● **Directions**:
Give back the records below exactly, omitting the pictures.

Start of Data for analysis

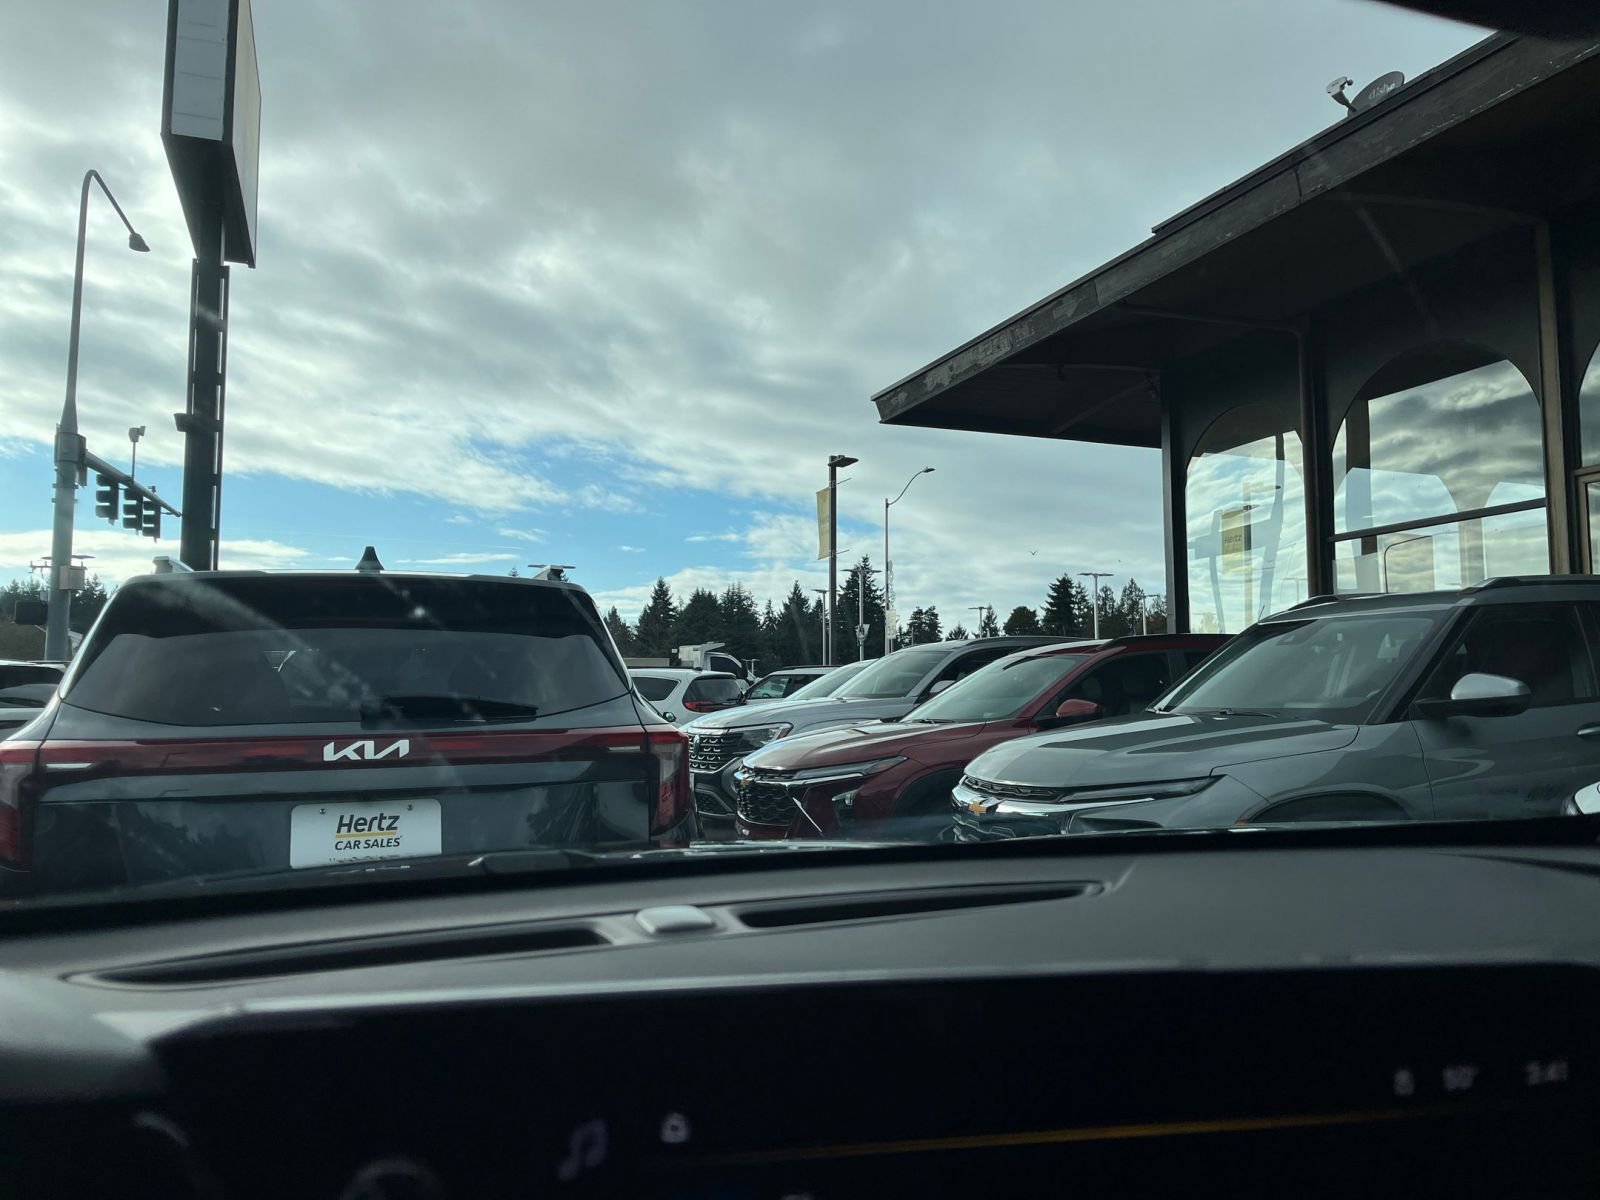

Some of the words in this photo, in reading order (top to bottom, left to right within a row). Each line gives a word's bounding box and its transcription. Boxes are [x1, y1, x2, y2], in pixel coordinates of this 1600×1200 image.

[323, 739, 410, 762] KIA
[336, 812, 401, 834] Hertz
[335, 839, 361, 851] CAR
[364, 836, 401, 849] SALES

End of Data for analysis

● **Written response**:
Some of the words in this photo, in reading order (top to bottom, left to right within a row). Each line gives a word's bounding box and its transcription. Boxes are [x1, y1, x2, y2], in pixel coordinates of this 1600×1200 image.

[323, 739, 410, 762] KIA
[336, 812, 401, 834] Hertz
[335, 839, 361, 851] CAR
[364, 836, 401, 849] SALES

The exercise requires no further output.